EXERCISE GOAL
Word for word, restate the lines that run from the line containing "this 1440×1280 image." to the last line of the records below.

Records from a collection:
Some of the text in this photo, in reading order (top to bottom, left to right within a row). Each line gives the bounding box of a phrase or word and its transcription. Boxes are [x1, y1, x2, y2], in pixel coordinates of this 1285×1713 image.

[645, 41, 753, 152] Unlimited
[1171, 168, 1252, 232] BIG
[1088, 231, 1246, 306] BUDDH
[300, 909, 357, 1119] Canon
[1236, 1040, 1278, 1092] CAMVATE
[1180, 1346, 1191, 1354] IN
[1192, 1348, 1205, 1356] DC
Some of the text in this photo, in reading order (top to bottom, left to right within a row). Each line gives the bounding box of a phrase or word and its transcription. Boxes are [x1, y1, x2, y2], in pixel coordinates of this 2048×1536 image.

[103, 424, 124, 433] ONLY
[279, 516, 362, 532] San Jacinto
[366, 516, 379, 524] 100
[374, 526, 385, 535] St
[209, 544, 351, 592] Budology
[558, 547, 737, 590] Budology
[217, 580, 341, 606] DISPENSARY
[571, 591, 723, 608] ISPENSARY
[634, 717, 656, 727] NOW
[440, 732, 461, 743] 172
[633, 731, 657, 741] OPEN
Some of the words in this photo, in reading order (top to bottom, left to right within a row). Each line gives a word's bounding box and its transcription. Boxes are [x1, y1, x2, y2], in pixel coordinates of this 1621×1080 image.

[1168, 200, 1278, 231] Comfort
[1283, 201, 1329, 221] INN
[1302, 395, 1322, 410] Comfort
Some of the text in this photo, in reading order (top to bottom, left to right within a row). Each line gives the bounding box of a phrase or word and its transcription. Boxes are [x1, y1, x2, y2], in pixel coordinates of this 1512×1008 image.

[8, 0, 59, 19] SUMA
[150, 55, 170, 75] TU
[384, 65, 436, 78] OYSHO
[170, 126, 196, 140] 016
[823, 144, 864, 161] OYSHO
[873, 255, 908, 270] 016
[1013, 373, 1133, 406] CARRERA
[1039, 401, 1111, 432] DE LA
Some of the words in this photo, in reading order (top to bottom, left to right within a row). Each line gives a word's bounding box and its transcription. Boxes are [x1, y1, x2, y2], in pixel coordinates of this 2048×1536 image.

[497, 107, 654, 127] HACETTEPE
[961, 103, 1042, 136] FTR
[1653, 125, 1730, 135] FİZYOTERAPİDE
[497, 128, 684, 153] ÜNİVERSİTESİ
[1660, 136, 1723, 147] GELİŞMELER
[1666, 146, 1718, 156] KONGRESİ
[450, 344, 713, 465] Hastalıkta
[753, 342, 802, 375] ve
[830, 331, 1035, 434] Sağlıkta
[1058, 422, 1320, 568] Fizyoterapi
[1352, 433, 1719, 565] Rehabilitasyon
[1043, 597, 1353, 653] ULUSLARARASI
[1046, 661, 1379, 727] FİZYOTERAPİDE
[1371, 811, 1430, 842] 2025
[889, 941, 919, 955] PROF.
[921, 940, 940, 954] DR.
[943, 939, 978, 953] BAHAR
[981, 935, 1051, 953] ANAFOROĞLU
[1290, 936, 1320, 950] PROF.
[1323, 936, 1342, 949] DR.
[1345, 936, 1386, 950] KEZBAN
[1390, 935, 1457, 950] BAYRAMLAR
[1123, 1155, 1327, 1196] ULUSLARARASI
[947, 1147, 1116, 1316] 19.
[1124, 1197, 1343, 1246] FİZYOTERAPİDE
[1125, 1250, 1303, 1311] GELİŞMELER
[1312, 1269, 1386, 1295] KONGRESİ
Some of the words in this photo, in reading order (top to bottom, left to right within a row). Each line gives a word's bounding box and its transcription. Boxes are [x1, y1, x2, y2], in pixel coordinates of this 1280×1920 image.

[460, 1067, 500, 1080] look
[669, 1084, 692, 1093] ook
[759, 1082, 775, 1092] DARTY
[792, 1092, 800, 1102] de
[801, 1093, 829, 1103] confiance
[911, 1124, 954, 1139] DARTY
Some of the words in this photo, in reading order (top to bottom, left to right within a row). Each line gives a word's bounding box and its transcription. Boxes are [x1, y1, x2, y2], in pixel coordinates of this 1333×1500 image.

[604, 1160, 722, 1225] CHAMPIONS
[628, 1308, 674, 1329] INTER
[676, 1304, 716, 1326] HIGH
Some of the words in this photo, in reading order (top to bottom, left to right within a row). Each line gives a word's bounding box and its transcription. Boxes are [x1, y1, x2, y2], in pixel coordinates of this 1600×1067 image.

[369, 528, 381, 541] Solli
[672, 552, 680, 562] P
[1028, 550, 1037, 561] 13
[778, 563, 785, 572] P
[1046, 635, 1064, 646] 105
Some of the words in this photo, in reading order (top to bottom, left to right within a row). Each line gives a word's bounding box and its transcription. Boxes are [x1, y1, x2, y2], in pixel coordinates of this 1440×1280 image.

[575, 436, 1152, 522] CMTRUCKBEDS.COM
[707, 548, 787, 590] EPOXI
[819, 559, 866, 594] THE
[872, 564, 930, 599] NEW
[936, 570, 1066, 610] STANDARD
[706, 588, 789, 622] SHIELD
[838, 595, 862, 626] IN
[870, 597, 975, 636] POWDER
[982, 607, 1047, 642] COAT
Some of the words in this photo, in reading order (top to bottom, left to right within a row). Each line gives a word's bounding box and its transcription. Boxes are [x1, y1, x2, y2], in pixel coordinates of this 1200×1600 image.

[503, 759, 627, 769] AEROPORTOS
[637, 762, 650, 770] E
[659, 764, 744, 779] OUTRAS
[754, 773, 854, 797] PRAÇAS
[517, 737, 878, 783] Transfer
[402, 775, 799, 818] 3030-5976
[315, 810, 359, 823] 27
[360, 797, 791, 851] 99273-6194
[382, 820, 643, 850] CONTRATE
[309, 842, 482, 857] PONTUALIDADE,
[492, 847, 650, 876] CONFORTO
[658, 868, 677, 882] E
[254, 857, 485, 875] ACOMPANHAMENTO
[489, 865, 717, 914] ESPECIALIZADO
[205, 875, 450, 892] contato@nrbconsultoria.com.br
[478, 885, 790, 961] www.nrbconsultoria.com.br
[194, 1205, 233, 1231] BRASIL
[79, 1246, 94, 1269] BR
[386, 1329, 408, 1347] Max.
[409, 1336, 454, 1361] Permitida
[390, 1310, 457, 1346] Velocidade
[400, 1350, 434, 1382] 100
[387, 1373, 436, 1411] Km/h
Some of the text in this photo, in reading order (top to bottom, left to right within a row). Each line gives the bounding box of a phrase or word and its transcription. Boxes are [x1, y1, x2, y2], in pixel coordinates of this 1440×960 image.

EXERCISE RESULT
Some of the words in this photo, in reading order (top to bottom, left to right within a row). Each line gives a word's bounding box and its transcription. Boxes are [x1, y1, x2, y2], in pixel coordinates of this 1440×1280 image.

[575, 436, 1152, 522] CMTRUCKBEDS.COM
[707, 548, 787, 590] EPOXI
[819, 559, 866, 594] THE
[872, 564, 930, 599] NEW
[936, 570, 1066, 610] STANDARD
[706, 588, 789, 622] SHIELD
[838, 595, 862, 626] IN
[870, 597, 975, 636] POWDER
[982, 607, 1047, 642] COAT
Some of the words in this photo, in reading order (top to bottom, left to right within a row). Each line gives a word's bounding box and its transcription. Boxes are [x1, y1, x2, y2], in pixel coordinates of this 1200×1600 image.

[503, 759, 627, 769] AEROPORTOS
[637, 762, 650, 770] E
[659, 764, 744, 779] OUTRAS
[754, 773, 854, 797] PRAÇAS
[517, 737, 878, 783] Transfer
[402, 775, 799, 818] 3030-5976
[315, 810, 359, 823] 27
[360, 797, 791, 851] 99273-6194
[382, 820, 643, 850] CONTRATE
[309, 842, 482, 857] PONTUALIDADE,
[492, 847, 650, 876] CONFORTO
[658, 868, 677, 882] E
[254, 857, 485, 875] ACOMPANHAMENTO
[489, 865, 717, 914] ESPECIALIZADO
[205, 875, 450, 892] contato@nrbconsultoria.com.br
[478, 885, 790, 961] www.nrbconsultoria.com.br
[194, 1205, 233, 1231] BRASIL
[79, 1246, 94, 1269] BR
[386, 1329, 408, 1347] Max.
[409, 1336, 454, 1361] Permitida
[390, 1310, 457, 1346] Velocidade
[400, 1350, 434, 1382] 100
[387, 1373, 436, 1411] Km/h
Some of the text in this photo, in reading order (top to bottom, left to right within a row). Each line gives the bounding box of a phrase or word and its transcription. Boxes are [x1, y1, x2, y2], in pixel coordinates of this 1440×960 image.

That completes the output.